__EXERCISE GOAL__
Copy the listing below exactly. Pictures stay out of it.

__LISTED RECORDS__
-----
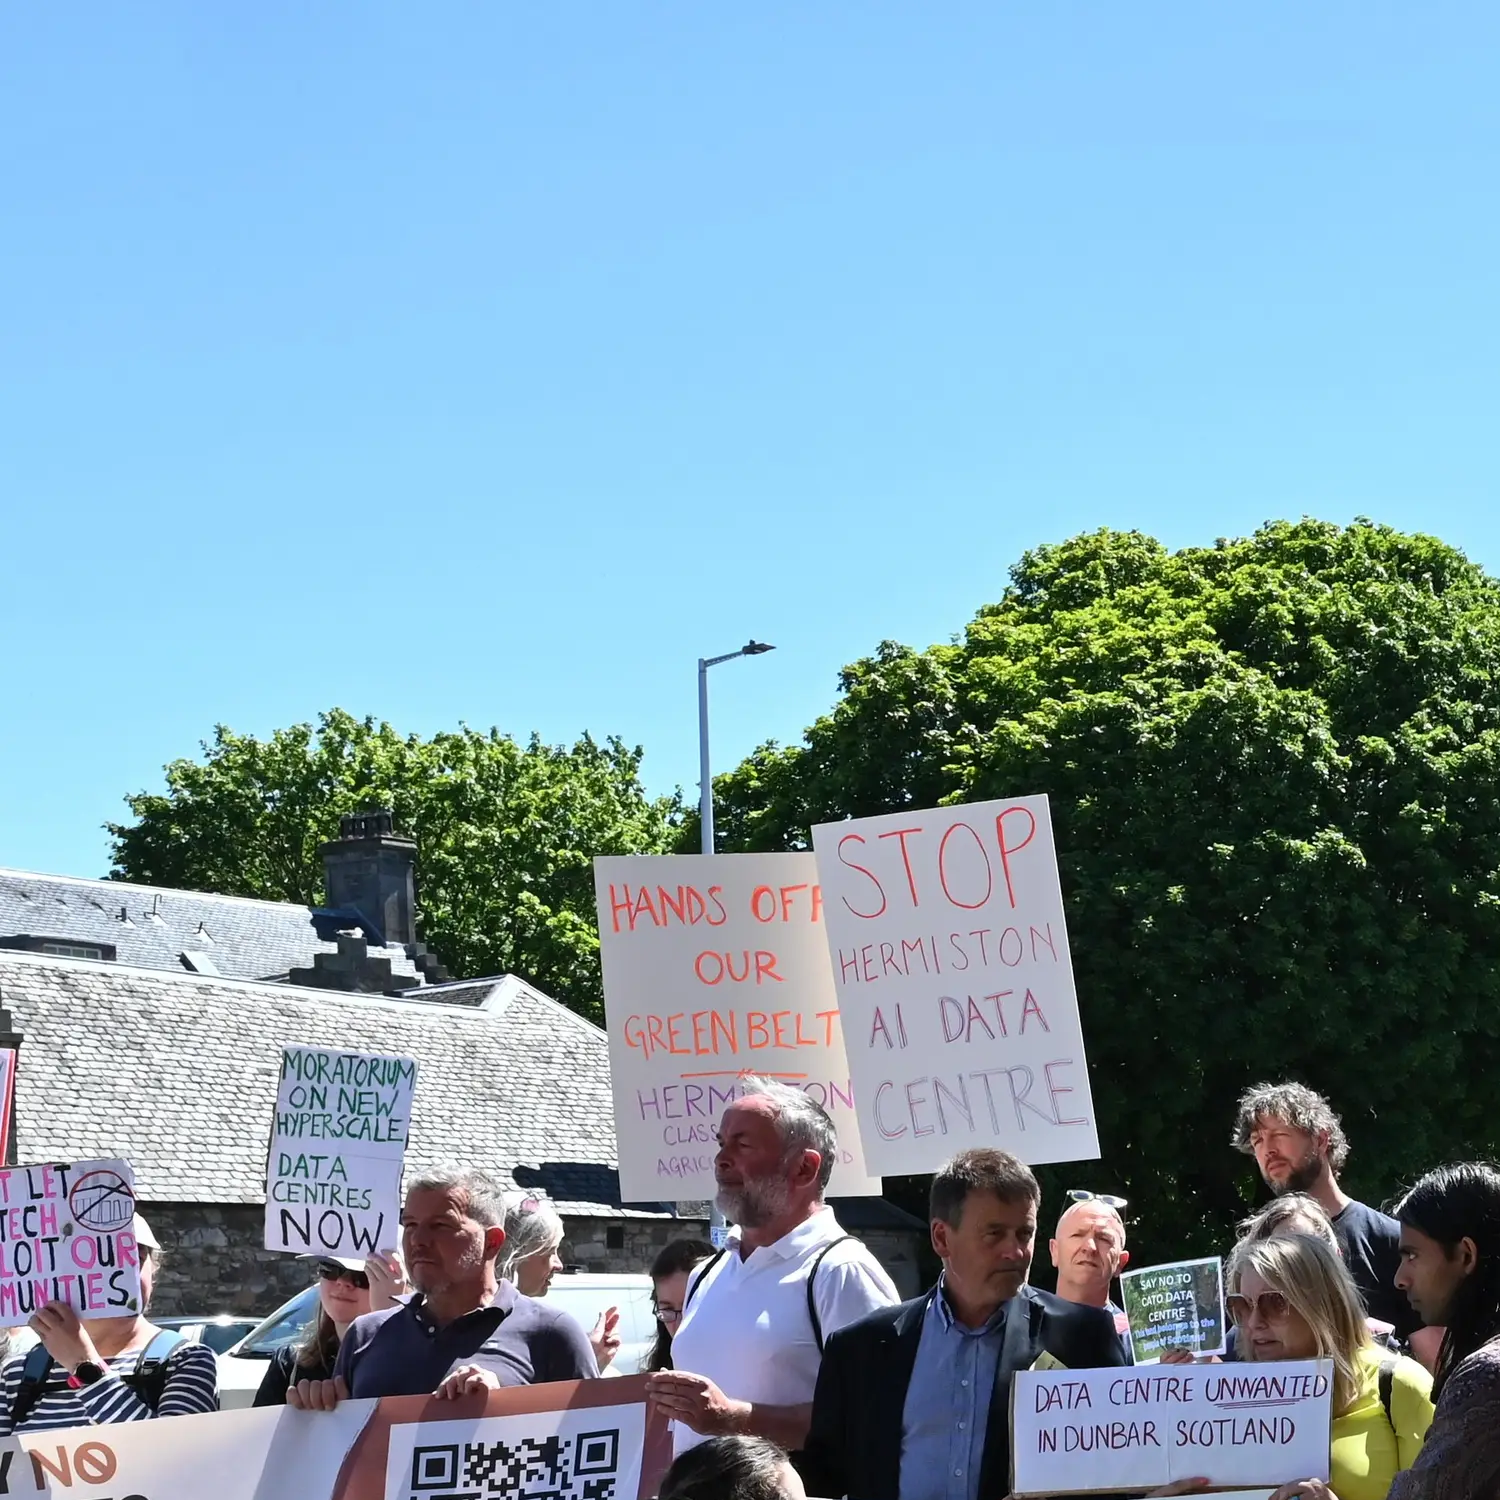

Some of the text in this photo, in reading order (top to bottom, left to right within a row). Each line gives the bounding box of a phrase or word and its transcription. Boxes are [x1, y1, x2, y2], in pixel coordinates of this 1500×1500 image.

[837, 806, 1035, 919] STOP
[608, 883, 727, 932] HANDS
[694, 949, 784, 985] OUR
[838, 922, 1058, 985] HERMISTON
[869, 988, 1051, 1049] AI DATA
[282, 1050, 414, 1090] MORATORIUM
[289, 1085, 399, 1117] ON NEW
[874, 1059, 1089, 1141] CENTRE
[277, 1112, 404, 1142] HYPERSCALE
[26, 1165, 71, 1199] LET
[278, 1152, 348, 1182] DATA
[272, 1181, 373, 1210] CENTRES
[280, 1208, 384, 1252] NOW
[0, 1232, 137, 1278] LOIT OUR
[0, 1270, 130, 1317] MUNITIES
[1140, 1273, 1191, 1290] SAY NO TO
[1141, 1290, 1194, 1307] CATO DATA
[1148, 1307, 1186, 1322] CENTRE
[1035, 1375, 1328, 1413] DATA CENTRE UNWANTED
[1038, 1417, 1295, 1453] IN DUNBAR SCOTLAND
[28, 1441, 117, 1491] NO
-----
__EXERCISE RESPONSE__
Some of the text in this photo, in reading order (top to bottom, left to right within a row). Each line gives the bounding box of a phrase or word and its transcription. Boxes are [x1, y1, x2, y2], in pixel coordinates of this 1500×1500 image.

[837, 806, 1035, 919] STOP
[608, 883, 727, 932] HANDS
[694, 949, 784, 985] OUR
[838, 922, 1058, 985] HERMISTON
[869, 988, 1051, 1049] AI DATA
[282, 1050, 414, 1090] MORATORIUM
[289, 1085, 399, 1117] ON NEW
[874, 1059, 1089, 1141] CENTRE
[277, 1112, 404, 1142] HYPERSCALE
[26, 1165, 71, 1199] LET
[278, 1152, 348, 1182] DATA
[272, 1181, 373, 1210] CENTRES
[280, 1208, 384, 1252] NOW
[0, 1232, 137, 1278] LOIT OUR
[0, 1270, 130, 1317] MUNITIES
[1140, 1273, 1191, 1290] SAY NO TO
[1141, 1290, 1194, 1307] CATO DATA
[1148, 1307, 1186, 1322] CENTRE
[1035, 1375, 1328, 1413] DATA CENTRE UNWANTED
[1038, 1417, 1295, 1453] IN DUNBAR SCOTLAND
[28, 1441, 117, 1491] NO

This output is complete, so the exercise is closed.